34:Given an array of integers nums sorted in non-decreasing order, find the starting and ending position of a given target value.

If target is not found in the array, return [-1, -1].

You must write an algorithm with O(log n) runtime complexity.

function searchRange(nums: number[], target: number): number[] {
  function lowBound(nums: number[], target: number): number {
    let l = 0;
    let r = nums.length - 1;

    while (l <= r) {
      let mid = Math.floor((l + r) / 2);
      if (nums[mid] >= target) {
        r = mid - 1;
      } else {
        l = mid + 1;
      }
    }
    return l;
  }

  const start = lowBound(nums, target);
  // Check if start is out of bounds or if the target isn't at the start index
  if (start === nums.length || nums[start] !== target) return [-1, -1];
  // Use target + 1 to find the upper bound, then subtract 1 to get the last occurrence of target
  const end = lowBound(nums, target + 1) - 1;

  return [start, end];
}

method II

function searchRange(nums: number[], target: number): number[] {
  // Helper function to find the leftmost (first occurrence) index of the target
  function findStartingIndex() {
    let index = -1;
    let l = 0;
    let r = nums.length - 1;

    while (l <= r) {
      let mid = Math.floor((l + r) / 2);
      if (nums[mid] === target) {
        index = mid; // Potential start found, but keep looking left
        r = mid - 1;
      } else if (nums[mid] < target) {
        l = mid + 1;
      } else {
        r = mid - 1;
      }
    }

    return index;
  }

  // Helper function to find the rightmost (last occurrence) index of the target
  function findEndingIndex() {
    let index = -1;
    let l = 0;
    let r = nums.length - 1;

    while (l <= r) {
      let mid = Math.floor((l + r) / 2);
      if (nums[mid] === target) {
        index = mid; // Potential end found, but keep looking right
        l = mid + 1;
      } else if (nums[mid] < target) {
        l = mid + 1;
      } else {
        r = mid - 1;
      }
    }

    return index;
  }

  let start = findStartingIndex();
  let end = findEndingIndex();

  // If the start index is -1, the target is not present in the array
  if (start === -1) return [-1, -1];
  return [start, end];
}

Complexity Analysis

Let n be the size of the input array nums.

Time complexity: O(log⁡n)

nums is divided into half each time. In the worst-case scenario, we need to cut nums until the range has no element, and it takes logarithmic time to reach this break condition.

Space complexity: O(1)

During the loop, we only need to record three indexes, left, right, and mid, they take constant space.

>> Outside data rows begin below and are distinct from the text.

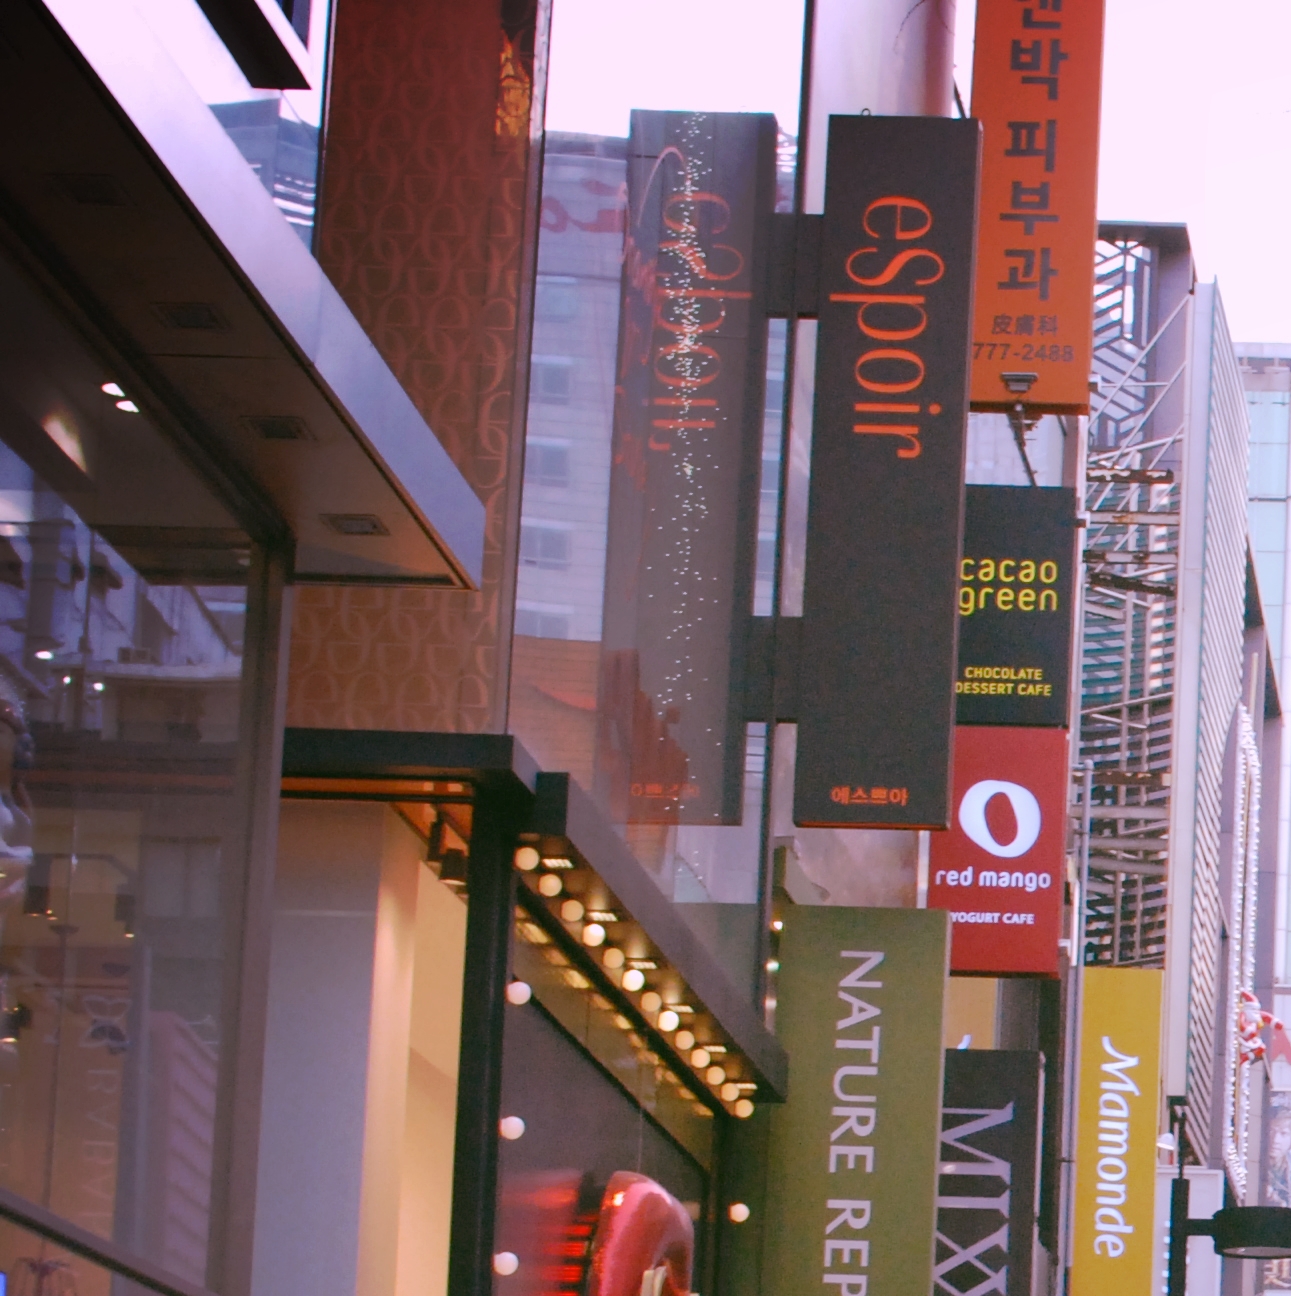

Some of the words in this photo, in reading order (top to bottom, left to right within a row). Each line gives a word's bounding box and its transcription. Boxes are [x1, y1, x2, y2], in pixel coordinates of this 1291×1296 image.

[829, 195, 945, 460] espoir
[958, 558, 1058, 584] cacao
[956, 586, 1058, 616] green
[964, 666, 1043, 681] CHOCOLATE
[955, 681, 1014, 695] DESSERT
[1017, 682, 1052, 696] CAFE
[935, 866, 973, 889] red
[979, 867, 1052, 893] mango
[950, 911, 1000, 925] YOGURT
[1002, 911, 1035, 925] CAFE
[827, 949, 885, 1175] NATURE
[1093, 1035, 1141, 1259] Mamonde

540:Single Element in a Sorted Array

You are given a sorted array consisting of only integers where every element appears exactly twice, except for one element which appears exactly once.

Return the single element that appears only once.

Your solution must run in O(log n) time and O(1) space.

function singleNonDuplicate(nums: number[]): number {
  // It checks if the current index (idx) is at a valid position such that the element at idx is the start of a pair or a single non-duplicate element.
  function firstT(idx: number) {
    if (idx === nums.length - 1) return true;

    if (idx % 2 === 0) {
      return nums[idx] !== nums[idx + 1];
    } else {
      return nums[idx] !== nums[idx - 1];
    }
  }

  let l = 0;
  let r = nums.length - 1;
  let ans = -1;

  while (l <= r) {
    const mid = Math.floor((l + r) / 2);

    if (firstT(mid)) {
      ans = mid;
      r = mid - 1;
    } else {
      l = mid + 1;
    }
  }

  return nums[ans];
}

729:My Calendar You are implementing a program to use as your calendar. We can add a new event if adding the event will not cause a double booking.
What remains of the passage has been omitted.